Point2Act: Efficient 3D Distillation of Multimodal LLMs for Zero-Shot Context-Aware Grasping

TL;DR

This work proposes Point2Act, which directly retrieves the 3D action point relevant to a contextually described task, leveraging Multimodal Large Language Models (MLLMs), and generates spatially grounded responses in under 20 seconds, facilitating practical manipulation tasks.

Abstract

We propose Point2Act, which directly retrieves the 3D action point relevant to a contextually described task, leveraging Multimodal Large Language Models (MLLMs). Foundation models opened the possibility for generalist robots that can perform a zero-shot task following natural language descriptions within an unseen environment. While the semantics obtained from large-scale image and language datasets provide contextual understanding in 2D images, the rich yet nuanced features deduce blurry 2D regions and struggle to find precise 3D locations for actions. Our proposed 3D relevancy fields bypass the high-dimensional features and instead efficiently imbue lightweight 2D point-level guidance tailored to the task-specific action. The multi-view aggregation effectively compensates for misalignments due to geometric ambiguities, such as occlusion, or semantic uncertainties inherent in the language descriptions. The output region is highly localized, reasoning fine-grained 3D spatial context that can directly transfer to an explicit position for physical action at the on-the-fly reconstruction of the scene.
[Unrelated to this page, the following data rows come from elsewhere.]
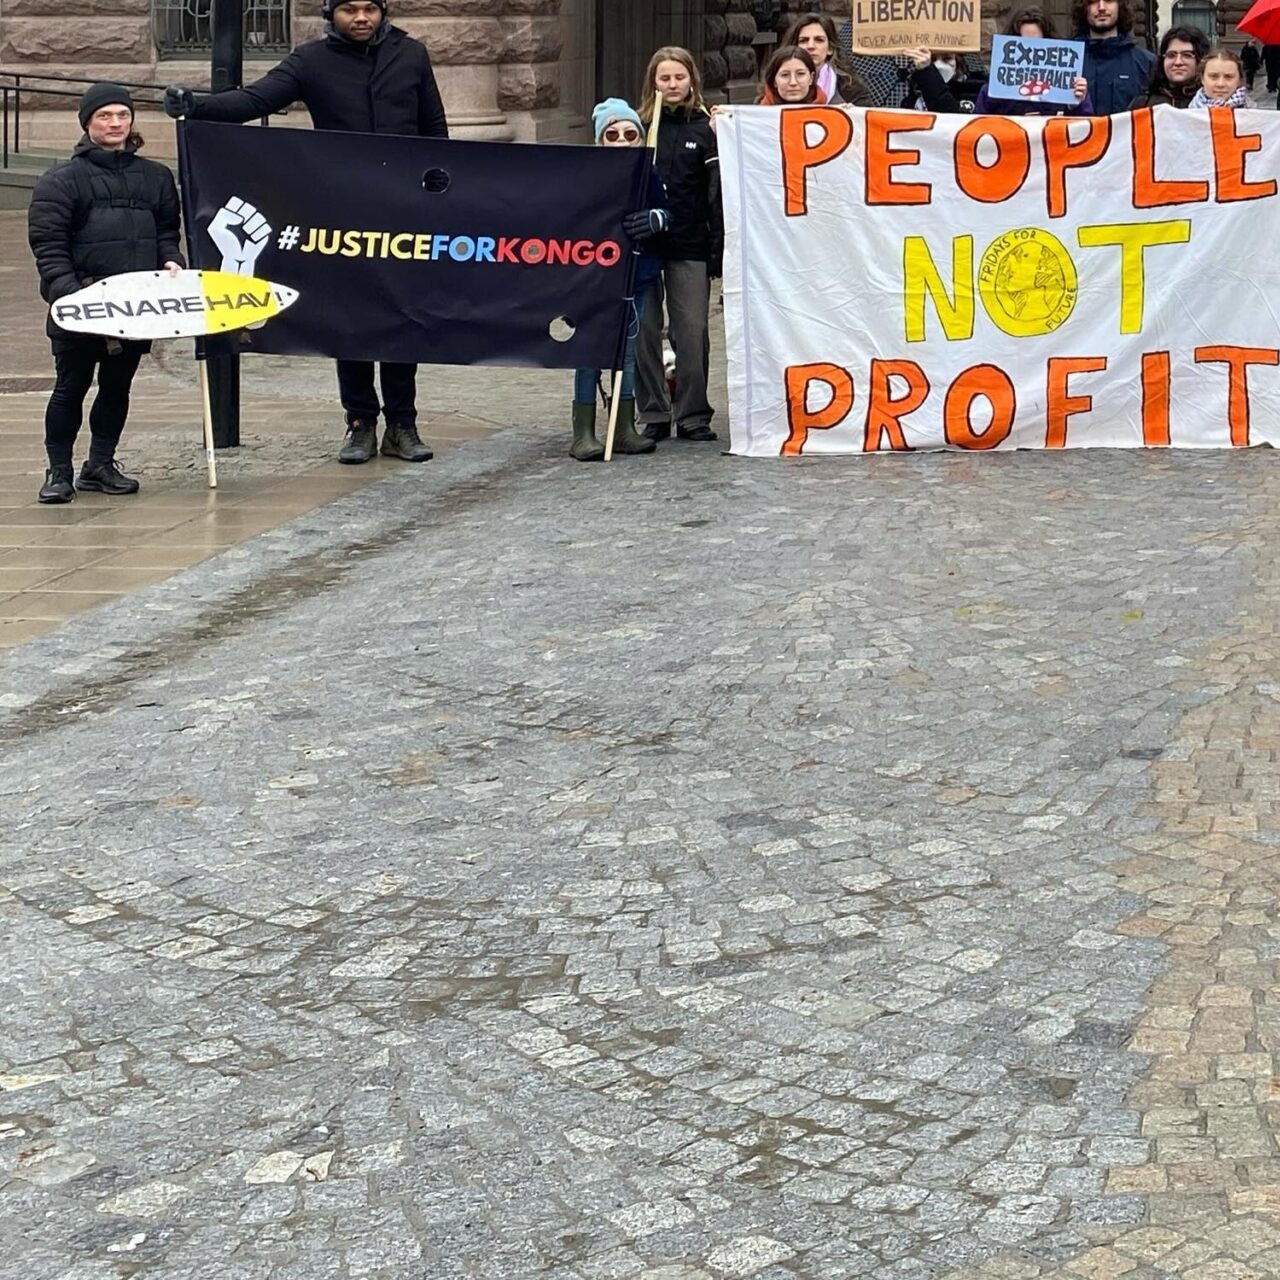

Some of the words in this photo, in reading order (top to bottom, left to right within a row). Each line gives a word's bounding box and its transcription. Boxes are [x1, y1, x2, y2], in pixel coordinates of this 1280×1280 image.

[857, 35, 886, 48] NEVER
[888, 33, 912, 45] AGAIN
[915, 33, 929, 44] FOR
[1001, 40, 1079, 68] EXPECT
[780, 106, 1278, 218] PEOPLE
[277, 224, 621, 266] #JUSTICEFORKONGO
[980, 237, 1011, 282] FRIDAYS
[1013, 230, 1036, 240] FOR
[903, 219, 1191, 343] NOT
[1045, 287, 1076, 330] FUTURE
[780, 345, 1280, 456] PROFIT
Our full-stack pipeline, which includes capturing, MLLM querying, 3D reconstruction, and grasp pose extraction, generates spatially grounded responses in under 20 seconds, facilitating practical manipulation tasks. Project page: https://sangminkim-99.github.io/point2act/

Figures (9)

• Figure 1: We present Point2Act, which grounds natural language into localized 3D fields by distilling Multimodal LLMs, bridging semantic understanding and physical interaction in robotic tasks.
• Figure 2: Overview of the Point2Act pipeline. We first capture posed images and query the MLLM deitke2024molmo with a prompt to predict 2D point annotations on the images. The multiview predictions are distilled into a 3D relevancy field. AnyGrasp fang2023anygrasp proposes grasp candidates, and the most relevant grasp is selected based on the field. Subsampled grasp poses are visualized.
• Figure 3: System diagram of Point2Act. Point2Act achieves 59% speed-up compared to the sequential design.
• Figure 4: Grasping performance overview. Hatched areas indicate different failure modes. The figure presents comparisons against RGB baselines in subplot (a), and against RGB-D baselines and our depth variant in subplot (b). We define the following terms: LERF* (LERF-TOGO rashid2023language), GG (GaussianGrasper zheng2024gaussiangrasper), GS (GraspSplats ji2024graspsplats), MLLM* (MLLM 2D points with depth unprojection), and GM (GraspMolmo deshpande2025graspmolmo).
• Figure 5: Effectiveness of Multi-view 3D Distillation. There are several markers in the scene, but the marker in the mug is in the upper-left corner, and sometimes occluded by tissue. Left shows the MLLM's single-view 2D point prediction, while right depicts the 3D point projected by Point2Act. MLLM point predictions are often noisy and fail under occlusion. In contrast, our Point2Act method robustly localizes relevant 3D points by aggregating multi-view cues.